LEED prerequisites refer to the minimum requirements for a facility to achieve LEED certification. Ashkin says these prerequisites would require facilities seeking
LEED certification to report their steps to operate more socially equitably. LEED believes social equity can help improve the economy, protect health, and strengthen our democracy.
Social equity, as defined by the National Academy of Public Administration, is “the fair, just, and equitable management of all institutions serving the public directly or by contract … [and] the commitment to promote fairness, justice, and equity in the formation of public policy.”
According to Ashkin, these prerequisites may apply to the cleaning contractors and other vendors hired by LEED-certified facilities or those seeking LEED certification.
“We should view these prerequisites not as a problem, but a solution. They help [us] address historically imbalanced social systems that have favored or discriminated against one group or another. The goal is simple: to treat everyone equally and fairly.”

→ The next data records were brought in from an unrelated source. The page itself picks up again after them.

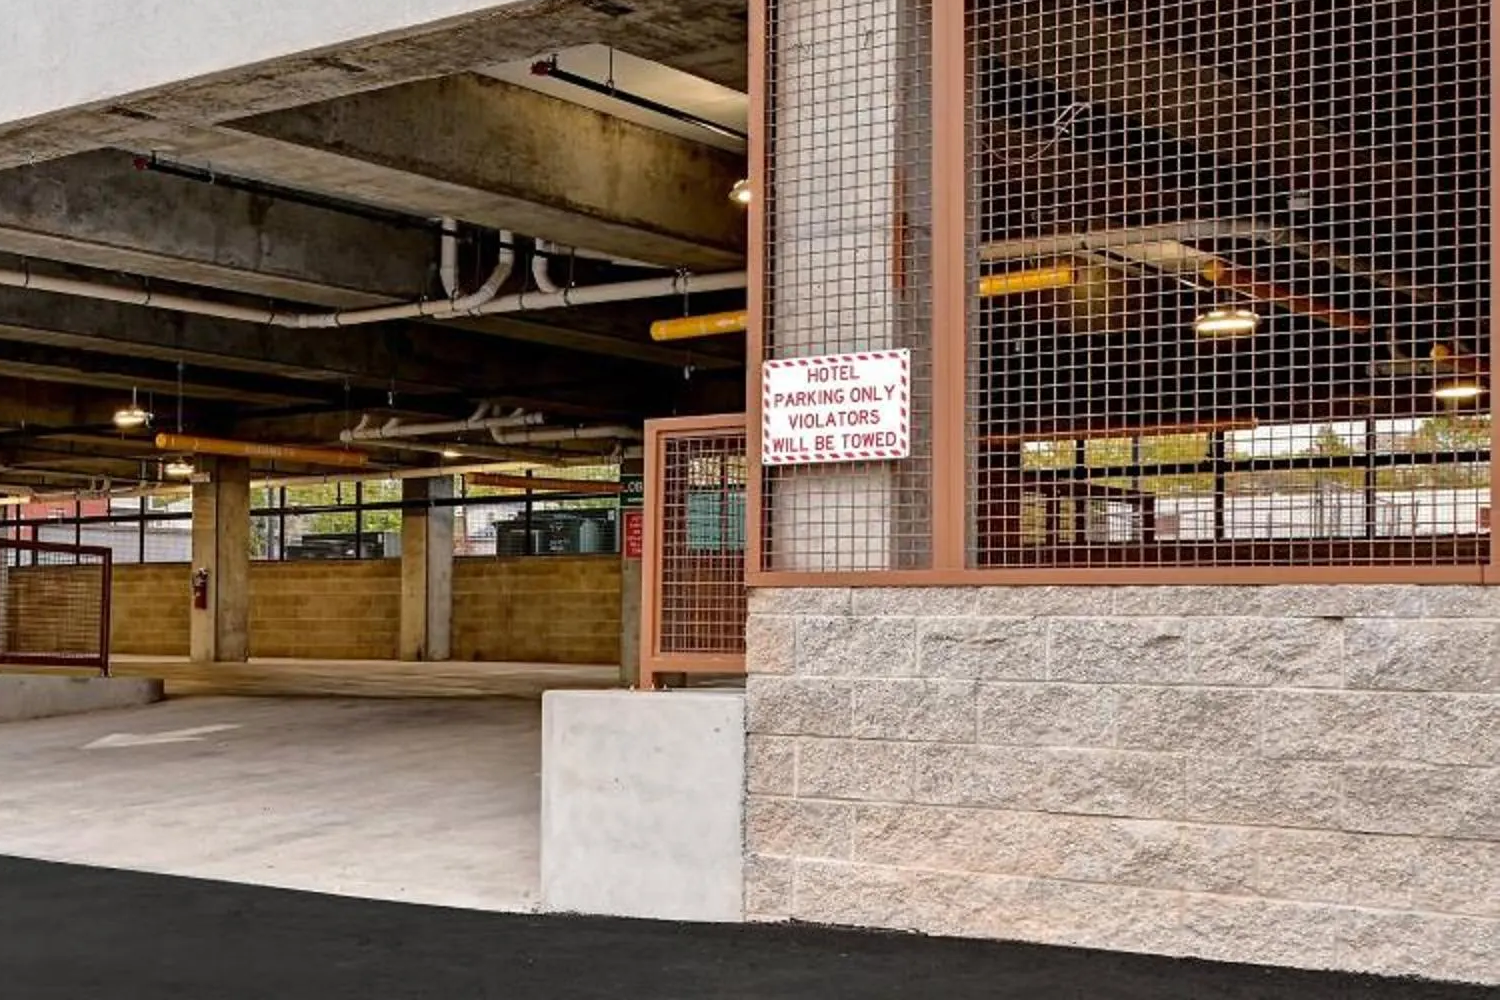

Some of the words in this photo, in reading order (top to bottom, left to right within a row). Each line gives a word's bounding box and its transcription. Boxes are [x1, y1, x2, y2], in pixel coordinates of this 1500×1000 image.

[807, 365, 860, 383] HOTEL
[773, 388, 845, 408] PARKING
[850, 384, 896, 403] ONLY
[788, 409, 881, 430] VIOLATORS
[772, 436, 808, 453] WILL
[815, 435, 835, 451] BE
[841, 431, 897, 449] TOWED

As to social equity in the professional cleaning industry specifically, Ashkin suggests it would include such things as:
• Fair hiring practices, encouraging diversity, equity, and inclusion, and leaving biases at the door.
• Making business profits fairly and legally.

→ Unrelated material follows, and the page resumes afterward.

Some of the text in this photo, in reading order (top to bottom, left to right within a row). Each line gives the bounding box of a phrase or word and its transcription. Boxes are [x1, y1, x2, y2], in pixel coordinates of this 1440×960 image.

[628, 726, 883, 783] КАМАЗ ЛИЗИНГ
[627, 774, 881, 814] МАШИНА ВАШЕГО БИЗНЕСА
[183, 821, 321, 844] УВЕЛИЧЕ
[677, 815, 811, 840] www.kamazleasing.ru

• Providing workers with healthcare benefits.
• Ensuring workers have worker’s compensation benefits. These benefits apply to workers injured on the job.
• Not paying workers as independent contractors unless they legally are independent contractors. A practice that is still common and which negatively impacts the entire cleaning industry.
“Unfortunately, the professional cleaning industry has not had the best record regarding social equity,” adds Ashkin. “But it is not entirely the industry’s fault. Historically, building owners and managers have forced cleaning contractors to focus only on reducing cleaning costs, not social equity issues.”
However, this is ending as American businesses, including those in the professional cleaning industry, become more socially equitably focused.
He has even introduced a new term addressing this evolution. “I call it ‘equitable cleaning,’ and it is slowly taking center stage in the professional cleaning industry.”